Jiangcheng County History
The History of Hani Ethnic Group
In Hani legend a Sky god named Abo-Momi sent a buffalo to the earth to teach man that grass and trees must be planted to enable crops to grow everywhere else. If man would do this they would be able to eat every second day. Unfortunately the buffalo had a poor memory and told them the crops must be planted. He also told them to let the grass and trees grow everywhere else. If they would do that, the buffalo said, they would be able to eat twice every day. Man obeyed the buffalo’s message but found their lives did not improve at all. When the buffalo returned to the sky, Abo-Momi was displeased and sent the buffalo back to the earth to help the Hani cultivate the soil. The water buffalo is still revered today among the Hani. When a Hani man dies his buffalo is slaughtered and buried with him, so that the beast can guide him to the next world.
Hani People’s Customs
Black is the favorite color of Hani People. For these farmers and residents on high land, heavy and durable clothes that keep warm and endure dirty environment have obvious advantages. Additionally this is also demonstration of the hermit living style and attitude of the locals, their uncultured dress material and less developed dyeing techniques. The embroidery and silver ornaments on the clothes stand for the terraced fields which go layers upon layers. The crabs, clams and fish suggest Hani People’s adoration for water. Hani men basically wear tight shirt, loose pants and black scarf while the female dress with complex decoration. What is worthy of mentioning is that the ancient Hani did not have shoes and socks. They wore a sort of special wooden shoes, whose soles were not slippery and therefore good for walking on the muddy rice paddy.
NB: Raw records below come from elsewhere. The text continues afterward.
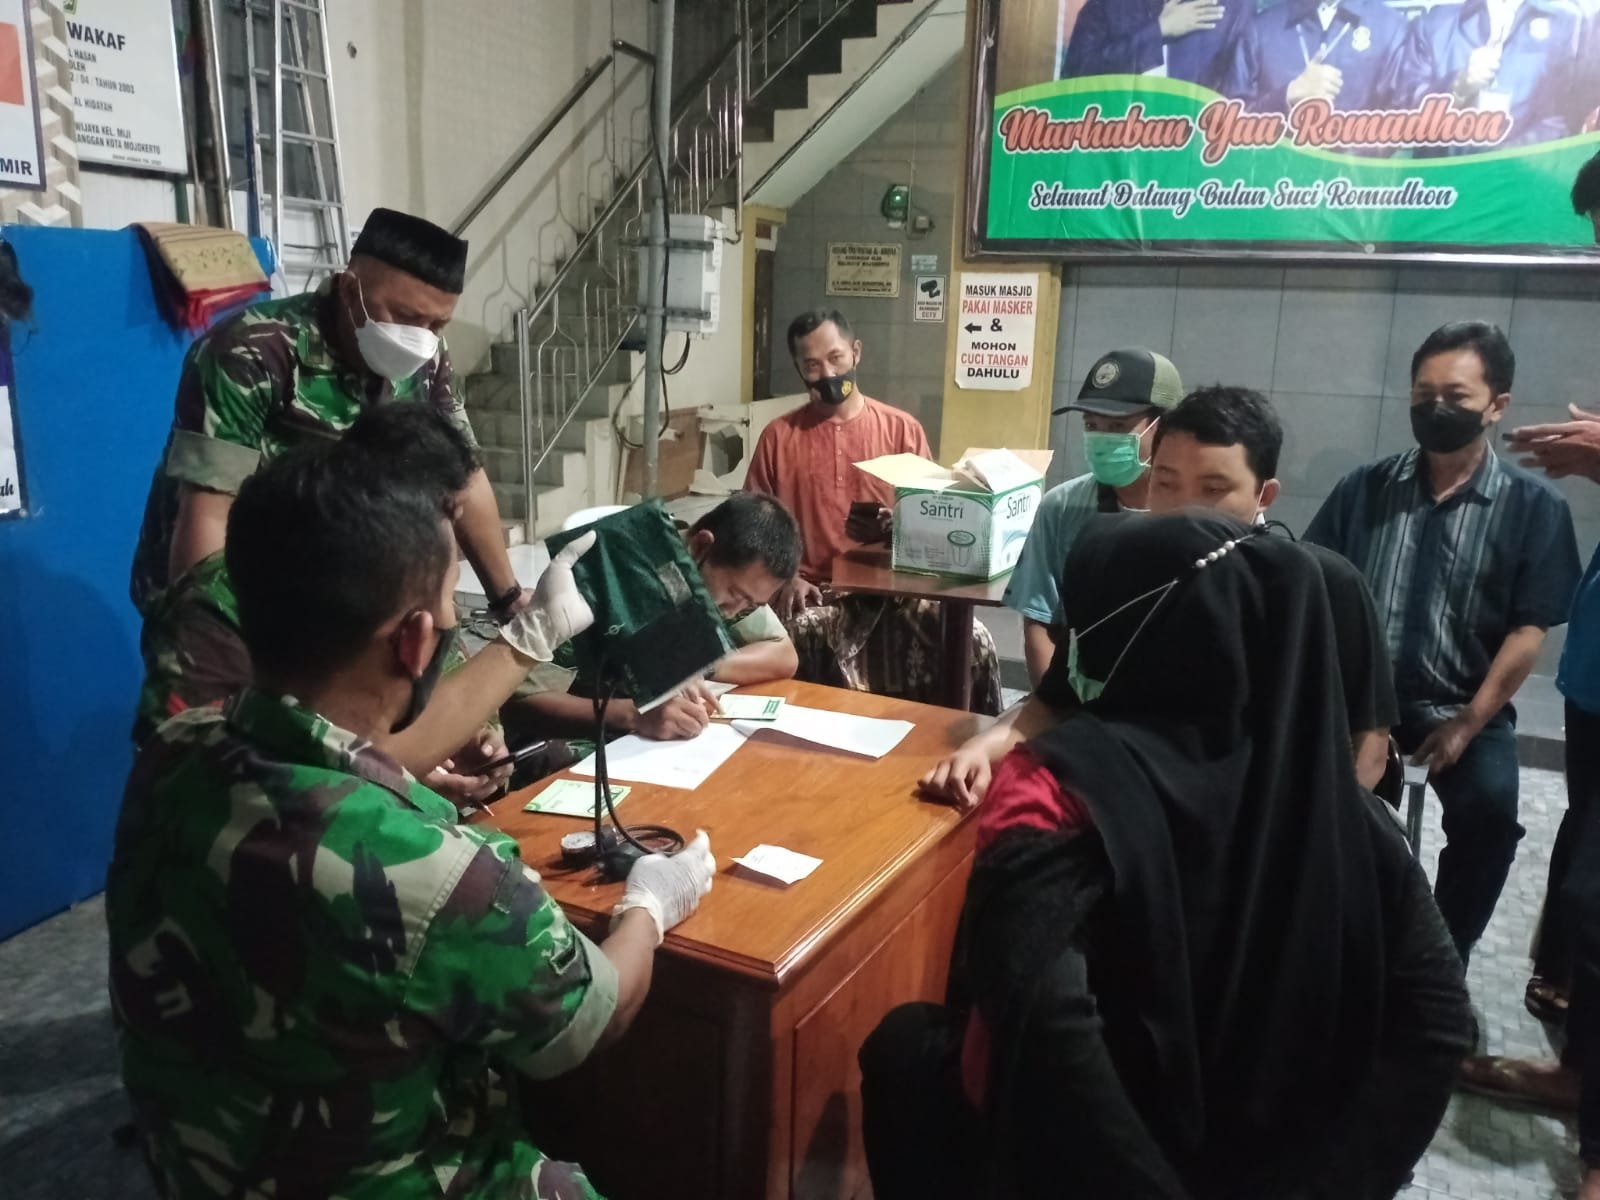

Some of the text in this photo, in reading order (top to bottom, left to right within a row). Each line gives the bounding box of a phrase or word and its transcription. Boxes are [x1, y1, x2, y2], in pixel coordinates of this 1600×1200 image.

[66, 21, 126, 51] WAKAF
[999, 95, 1510, 164] Marhaban Yaa Romadhon
[0, 157, 32, 175] MIR
[1031, 179, 1455, 216] Selamat Datang Bulan Suci Romadhon
[965, 285, 1033, 297] MASUK MASJID
[962, 300, 1033, 315] PAKAI MASKER
[990, 318, 1003, 332] &
[971, 342, 1016, 351] MOHON
[961, 353, 1028, 366] CUCI TANGAN
[967, 367, 1020, 379] DAHULU
[920, 500, 964, 519] Santri
The History of Yi Ethnic Group
Some scholars believe that the Yi are descended from the ancient Qiang people of today’s western China, who are also said to be the ancestors of the Tibetan, Naxi and Qiang peoples. They migrated from southeastern Tibet through Sichuan and into the Yunnan Province, where their largest populations can be found today. They practice a form of animism, led by a shaman priest known as the Bimaw. They still retain a few ancient religious texts written in their unique pictographic script. Their religion also contains many elements of Daoism and Buddhism. Many of the Yi in Liangshan and northwestern Yunnan practiced a complicated form of slavery. People were split into the nuohuo or Black Yi (nobles), qunuo or White Yi (commoners), and slaves. White Yi were free and could own property and slaves but were in a way tied to a lord. Other ethnic groups were held as slaves.
Yi People’s Customs
The Yi people’s traditional costumes vary in different regions, . In Mt. Liangshan area in Sichuan Province and west Guizhou, men usually wear black jackets with tight sleeves and right-side askew fronts, and pleated trousers with wide bottom. While in some other areas, men wear tight-bottomed trousers, and grow a small path of hair above the forehead to be tied with a turban.Women wear embroidered jackets and pleated long skirts hemmed with multiple layers. They use turbans to wrap their hair. Middle-aged women wear black turbans, while young women prefer embroidered square kerchiefs. Their accessories include earrings, bracelets, rings, collar press, and so on. When going outdoors, men and women wear a dark woolen cape with long tassels reaching to the knees.